After more than four years of negotiations, including intense lobbying never before seen in Brussels, with delegates from the US government and a long line of Silicon Valley leaders practically setting up camp near Place du Luxembourg, the GDPR has been written into law.
What does this mean for information governance professionals?
Get management to take notice
First, you should make sure your management is paying attention. In the past, it was an open secret that European data protection law was more noticeable in the books than on the ground. Academics wrote books about it. But with little to show in terms of enforcement, regulators and privacy professionals had a hard time convincing corporate management that data protection requirements were meaningful.
In this respect, GDPR is a game changer. With sanctions aiming for the stars, in some cases up to 4% of global annual revenue – for Walmart, for example, that could mean a fine of up to $20bn – information professionals can finally play with the big boys and girls.

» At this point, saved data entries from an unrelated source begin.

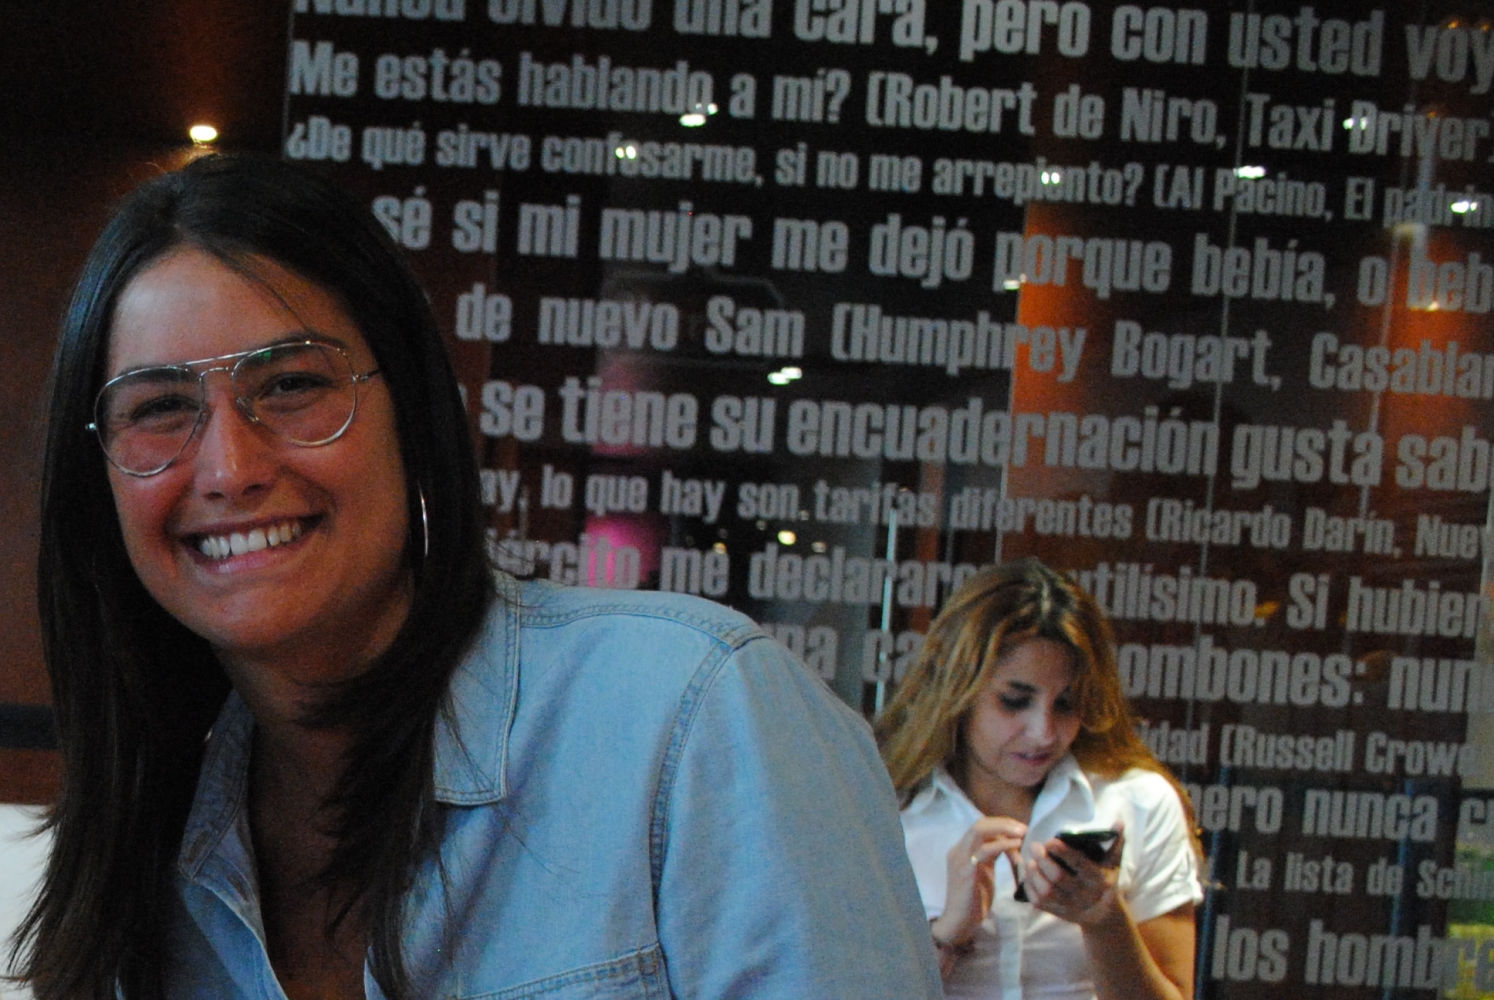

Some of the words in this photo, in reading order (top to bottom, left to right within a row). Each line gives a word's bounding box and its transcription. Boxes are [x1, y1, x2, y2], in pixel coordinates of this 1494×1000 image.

[793, 0, 938, 55] cara,
[959, 0, 1092, 61] pero
[1111, 5, 1208, 66] con
[1227, 6, 1385, 77] usted
[1405, 24, 1494, 94] voy
[289, 40, 358, 96] Me
[375, 48, 502, 103] estás
[518, 52, 714, 118] hablando
[729, 72, 756, 120] a
[866, 71, 1036, 136] (Robert
[1052, 85, 1104, 140] de
[1120, 87, 1226, 149] Niro,
[1246, 92, 1335, 151] Taxi
[1349, 99, 1494, 163] Driver
[287, 117, 352, 163] ¿De
[362, 120, 425, 170] qué
[436, 123, 531, 171] sirve
[541, 132, 764, 188] confesarme,
[775, 141, 807, 186] si
[816, 150, 859, 190] no
[868, 152, 923, 193] me
[932, 157, 1143, 207] arrepiento?
[1153, 162, 1204, 211] (Al
[1213, 167, 1333, 222] Pacino,
[1344, 176, 1374, 221] El
[1382, 182, 1494, 229] padrin
[451, 190, 500, 254] si
[517, 195, 581, 258] mi
[599, 202, 752, 275] mujer
[772, 215, 849, 275] me
[869, 213, 974, 289] dejó
[993, 230, 1173, 299] porque
[1191, 232, 1336, 311] bebía,
[1358, 256, 1388, 306] o
[455, 283, 512, 342] de
[537, 296, 679, 351] nuevo
[705, 297, 806, 360] Sam
[831, 302, 1087, 383] (Humphrey
[1111, 320, 1281, 391] Bogart,
[479, 380, 545, 443] se
[560, 376, 699, 449] tiene
[710, 395, 777, 455] su
[787, 397, 1219, 475] encuadernación
[1231, 420, 1384, 490] gusta
[1395, 425, 1494, 492] sab
[540, 464, 573, 509] lo
[585, 472, 648, 517] que
[661, 470, 725, 521] hay
[813, 480, 937, 526] tarifas
[950, 486, 1134, 538] diferentes
[1145, 499, 1292, 549] (Ricardo
[659, 545, 730, 598] me
[748, 542, 978, 608] declarar
[1286, 572, 1331, 630] Si
[1345, 576, 1494, 638] hubier
[1118, 634, 1367, 708] ombones:
[1219, 723, 1356, 772] (Russell
[1302, 788, 1439, 842] nunca
[1236, 850, 1272, 890] La
[1284, 852, 1354, 894] lista
[1366, 857, 1404, 896] de
[1211, 914, 1290, 982] los
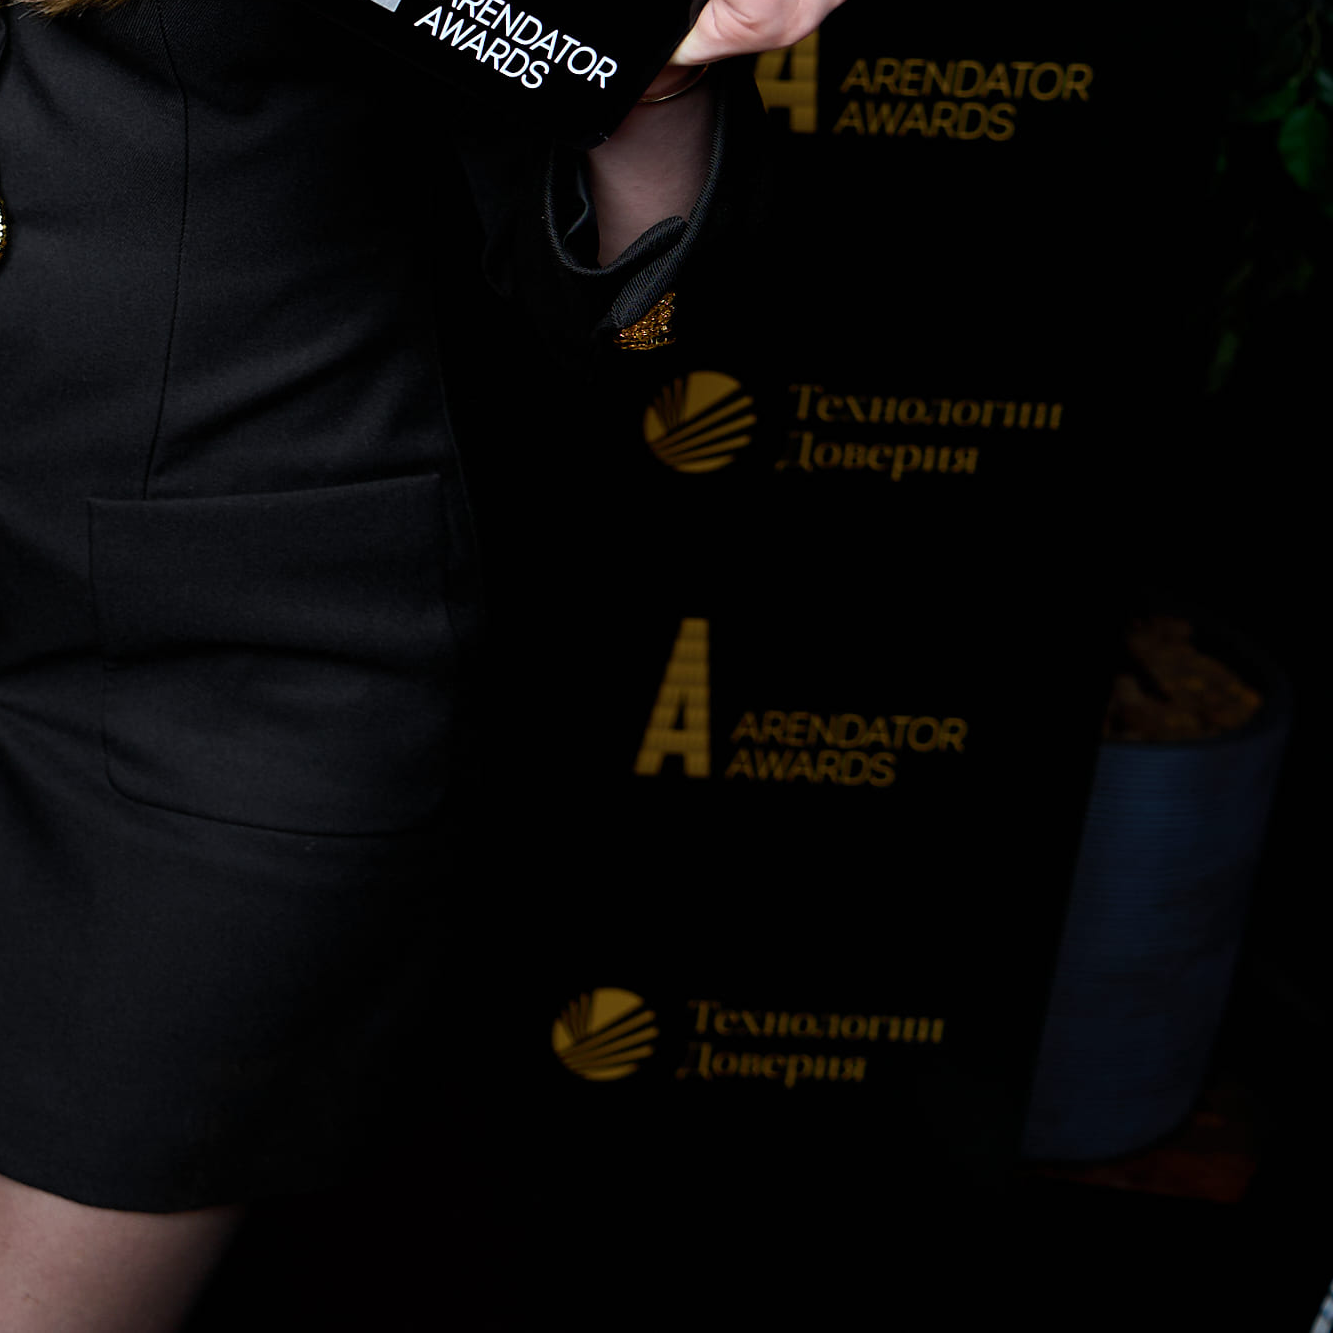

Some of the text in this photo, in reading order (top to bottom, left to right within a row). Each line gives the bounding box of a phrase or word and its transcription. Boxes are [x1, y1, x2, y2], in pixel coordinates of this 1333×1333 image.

[414, 6, 550, 90] AWARDS
[840, 58, 1094, 102] ARENDATOR
[832, 100, 1017, 141] AWARDS
[789, 383, 1064, 430] Технологии
[775, 431, 980, 482] Доверия
[730, 710, 969, 753] ARENDATOR
[725, 748, 898, 787] AWARDS
[686, 999, 946, 1044] Технологии
[674, 1041, 868, 1089] Доверия
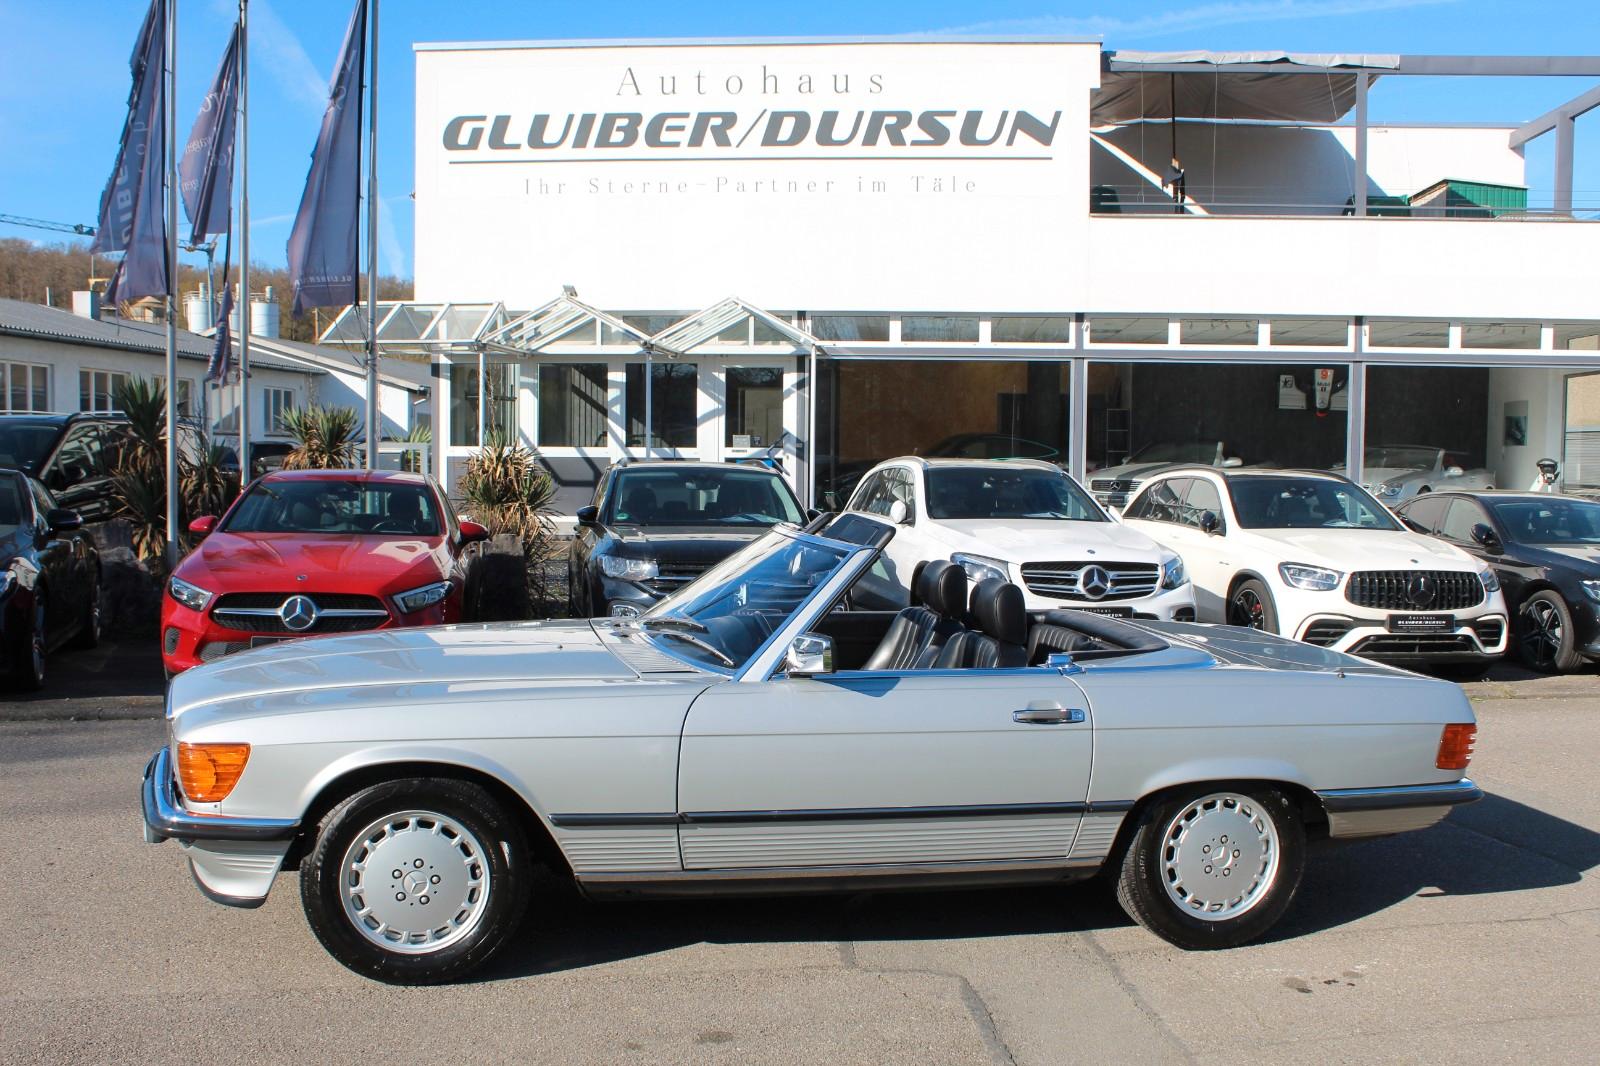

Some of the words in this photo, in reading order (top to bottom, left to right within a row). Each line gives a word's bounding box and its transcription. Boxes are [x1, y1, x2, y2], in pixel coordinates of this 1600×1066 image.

[616, 65, 883, 97] Autohaus
[442, 108, 1063, 152] GLUIBER/DURSUN
[525, 178, 567, 195] Ihr
[588, 176, 835, 194] Sterne-Partner
[857, 176, 887, 193] im
[910, 175, 977, 193] Täle
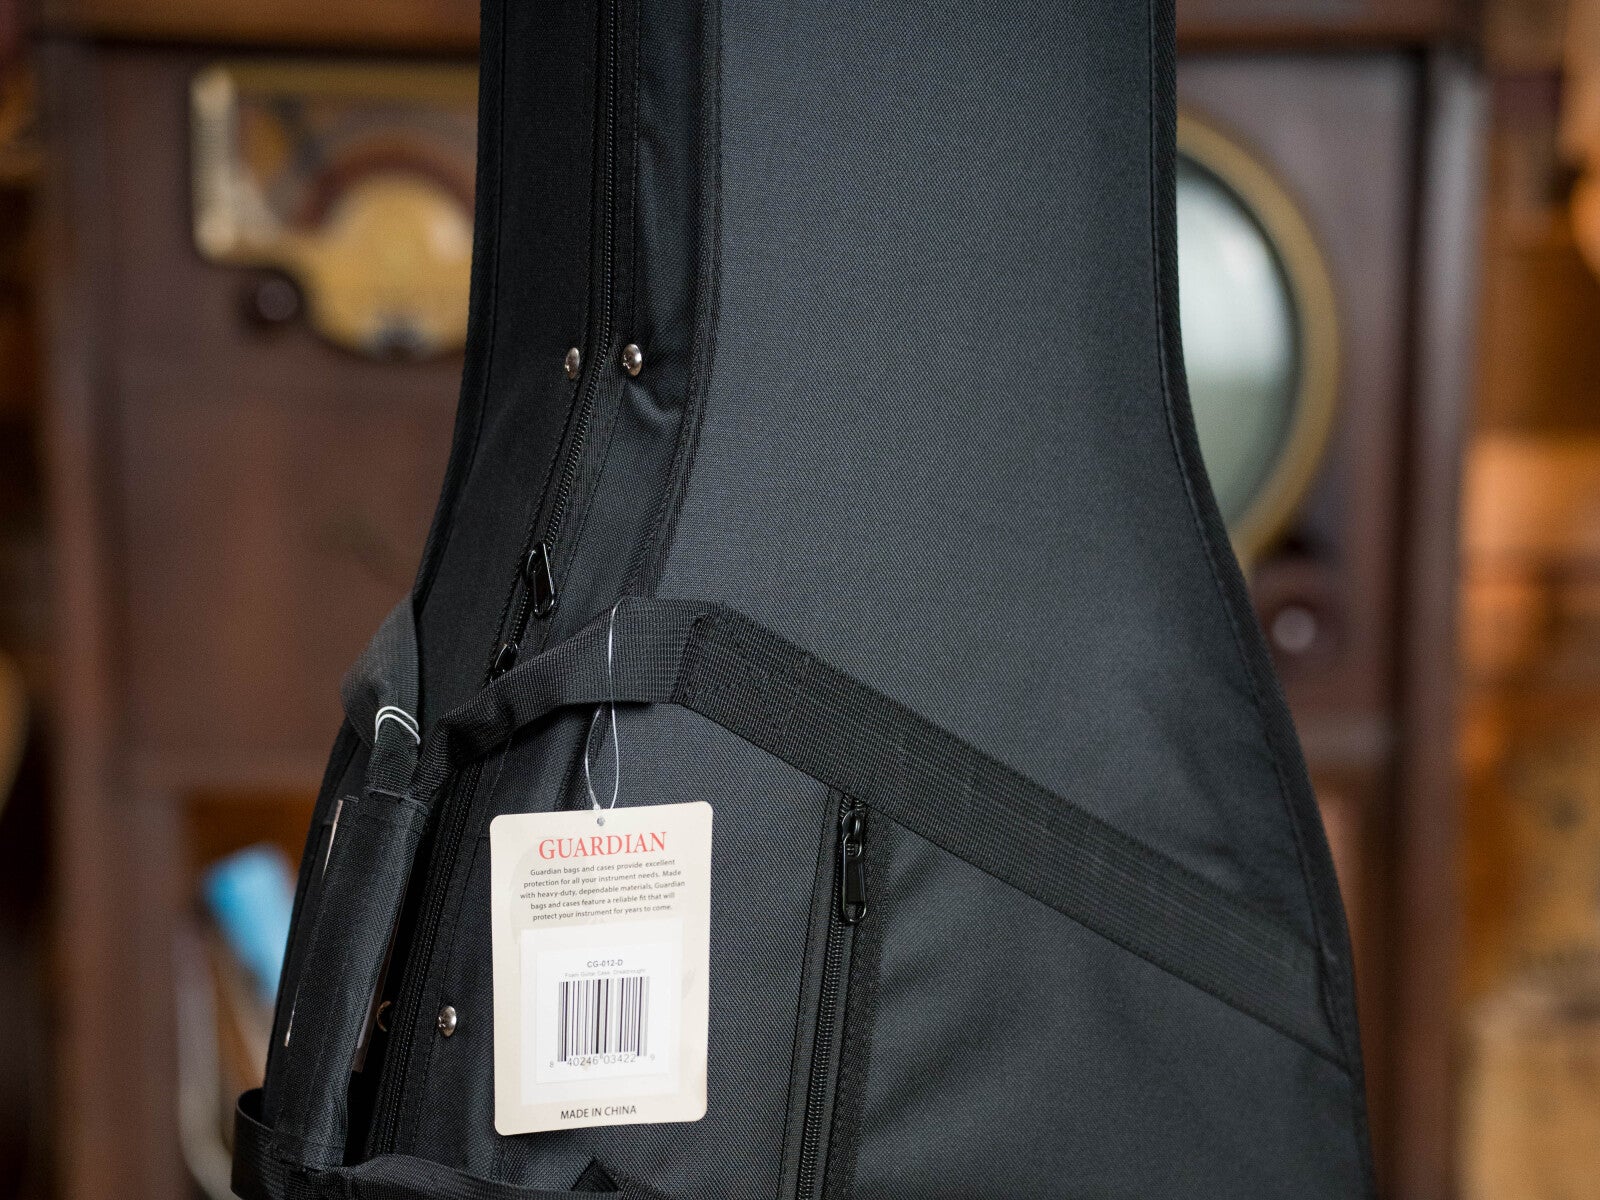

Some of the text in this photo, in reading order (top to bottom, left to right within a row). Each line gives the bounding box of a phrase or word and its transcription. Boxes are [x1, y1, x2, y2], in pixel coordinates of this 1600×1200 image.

[539, 831, 667, 860] GUARDIAN
[530, 867, 562, 876] Guardian
[563, 866, 580, 874] bags
[616, 862, 643, 871] provide
[645, 859, 675, 867] excellent
[523, 879, 559, 889] protection
[581, 877, 597, 885] your
[599, 874, 636, 882] instrument
[638, 871, 660, 879] needs.
[662, 869, 682, 877] Made
[520, 880, 686, 899] with heavy-duty, dependable materials, Guardian
[530, 902, 547, 910] bags
[581, 897, 606, 906] feature
[613, 894, 638, 903] reliable
[639, 893, 647, 901] fit
[647, 892, 662, 900] that
[663, 891, 676, 899] will
[532, 912, 557, 922] protect
[558, 912, 574, 920] your
[575, 908, 612, 917] instrument
[625, 906, 643, 915] years
[652, 904, 673, 912] come.
[586, 958, 624, 968] CG-012-D
[567, 1056, 600, 1067] 40246
[603, 1053, 637, 1064] 03422
[649, 1053, 656, 1061] 9
[560, 1105, 637, 1120] MADE IN CHINA

Be aware that European law crosses borders
Second, you should recognise that the scope of application of the new legislation is broad, some would argue exceedingly so. In contrast to the previous data protection regime, which applied to companies established or using equipment in Europe, the GDPR applies to any entity that is “offering goods or services to” or “monitoring the behaviour of” European citizens. This means that an app or ad network based in the US or Canada, which regularly collects data about EU consumers, will now come under the remit of EU law.
Add that to the 4% sanctions, and you surely see why your company should pay close attention. You would hate to see your CEO arrested at Charles de Gaulle airport as she arrives there to spend a romantic weekend in Paris with her husband, on account of a delinquent data protection fine.
Learn the data protection lingo
Third, you should learn and rehearse your data protection vocabulary. Not knowing how to distinguish between personal data, pseudonymisation and anonymisation, profiling and automated decisions, right to erasure and data portability, data protection impact assessment and accountability, will not bode well on occasion of a data breach or when the data protection regulator comes knocking.
There are less than two years to GDPR implementation. Use them to train, certify and recruit staff and outside assistance to deal with the new framework.
Know that privacy goes beyond security
Fourth, make sure you distinguish between data protection and data security. Too many security professionals think, “we have privacy under control, we use firewalls and encryption”. Right? Wrong. Data protection, or privacy, can go sideways even when security is perfectly intact.
Rather than being concerned with confidentiality, integrity and availability, privacy sets forth policies for legitimate collection, use and disclosure of personal information. Privacy is about the “why”, whereas security is about the “how”. Privacy requires meeting consumers’ expectations, managing your brand and reputation, and behaving ethically in an environment marked by dizzying technological and social change. To be sure, security is part of it; but it is not enough.
Build data protection into products and services
Fifth, there is a reason it is called “data protection by design and by default”. Constructing a new product or service with data protection requirements in mind will save time, energy and substantial resources on the back end.
Most commonly, the day of reckoning will arrive not when there’s a regulatory incident, but rather when your company decides to go public, to seek funding from venture capitalists or to close a lucrative deal with a corporate suitor. Discovering then that your database of millions of users is “toxic” will put a lid on the coveted “exit”. Repairing the damage in retrospect will be practically impossible, particularly with the bankers looking nervously at their watches thinking about their next transaction.
If you don’t want to be left behind, make sure you address privacy from the start.
The clock has begun ticking on GDPR implementation. Information professionals have a busy two years ahead of them. When this train arrives, make sure your company is on board.
Omer Tene is vice-president of research and education at the International Association of Privacy Professionals (IAPP).